Companies at the receiving end of the NPPA’s latest notices are crying foul. They believe that free pricing is important to generate funds for drug research. Swati Piramal, director of Mumbai-based drug maker Nicholas Piramal, says that medicines outside control subsidise the ones in it. “Otherwise, where is the money for R&D going to come from?” she asks. Last year, the Rs 2,500-crore Nicholas Piramal spent Rs 130 crore in finding new cures for diseases like cancer in response to India’s move to a drug patents regime. There is another problem says Ramesh Adige, an executive director at Gurgaon-based Ranbaxy Laboratories. The NPPA has revised the 20 per cent permissible increase in price per year to 10 per cent, with retrospective effect. “That is unfair, the industry may have to evaluate options,” says Adige.

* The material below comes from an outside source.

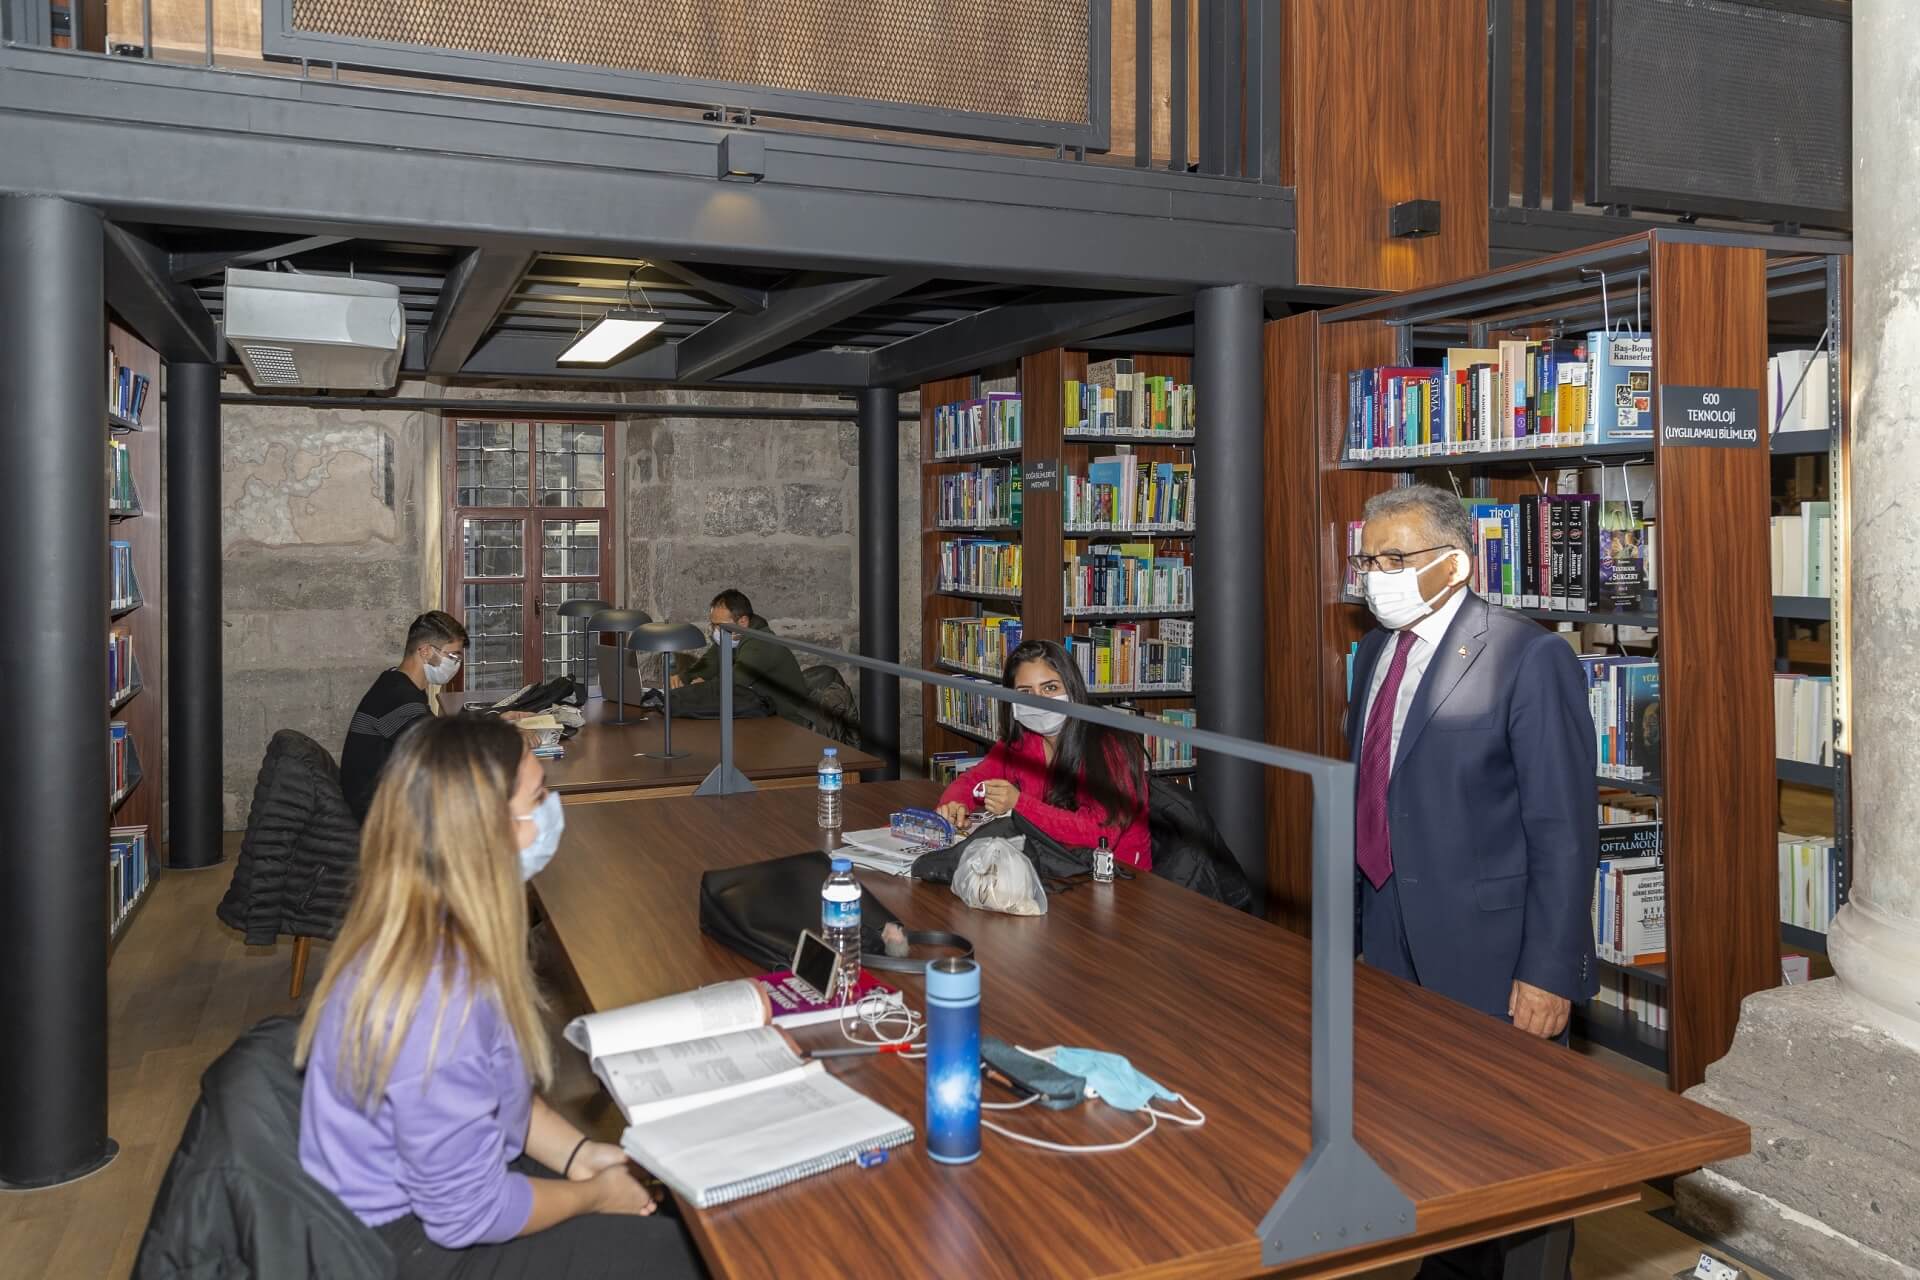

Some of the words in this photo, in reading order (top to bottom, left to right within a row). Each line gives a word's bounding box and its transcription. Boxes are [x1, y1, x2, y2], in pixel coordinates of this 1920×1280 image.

The pricing authority’s actions bring to a head a three-year battle that the industry has fought with Union minister for chemicals and fertilizers Ram Vilas Paswan. The minister has been threatening to bring 354 drugs under price control through a new pharma policy. The industry accuses him of trying to earn political dividend by publicly flaying them for profiteering. And it has lobbied hard to preempt the minister from carrying out his threat. “The industry is united against expanded and intrusive price controls,” says Adige. The policy is now out of Paswan’s hands and rests with a group of ministers (GoM) appointed by the PM.

This is not a good sign. Since 1999, the entire pricing debate has been caught in a web of committees. The GoM, led by Union Agriculture Minister Sharad Pawar, is the fourth committee in eight years charged with the task of giving India a workable drug pricing policy.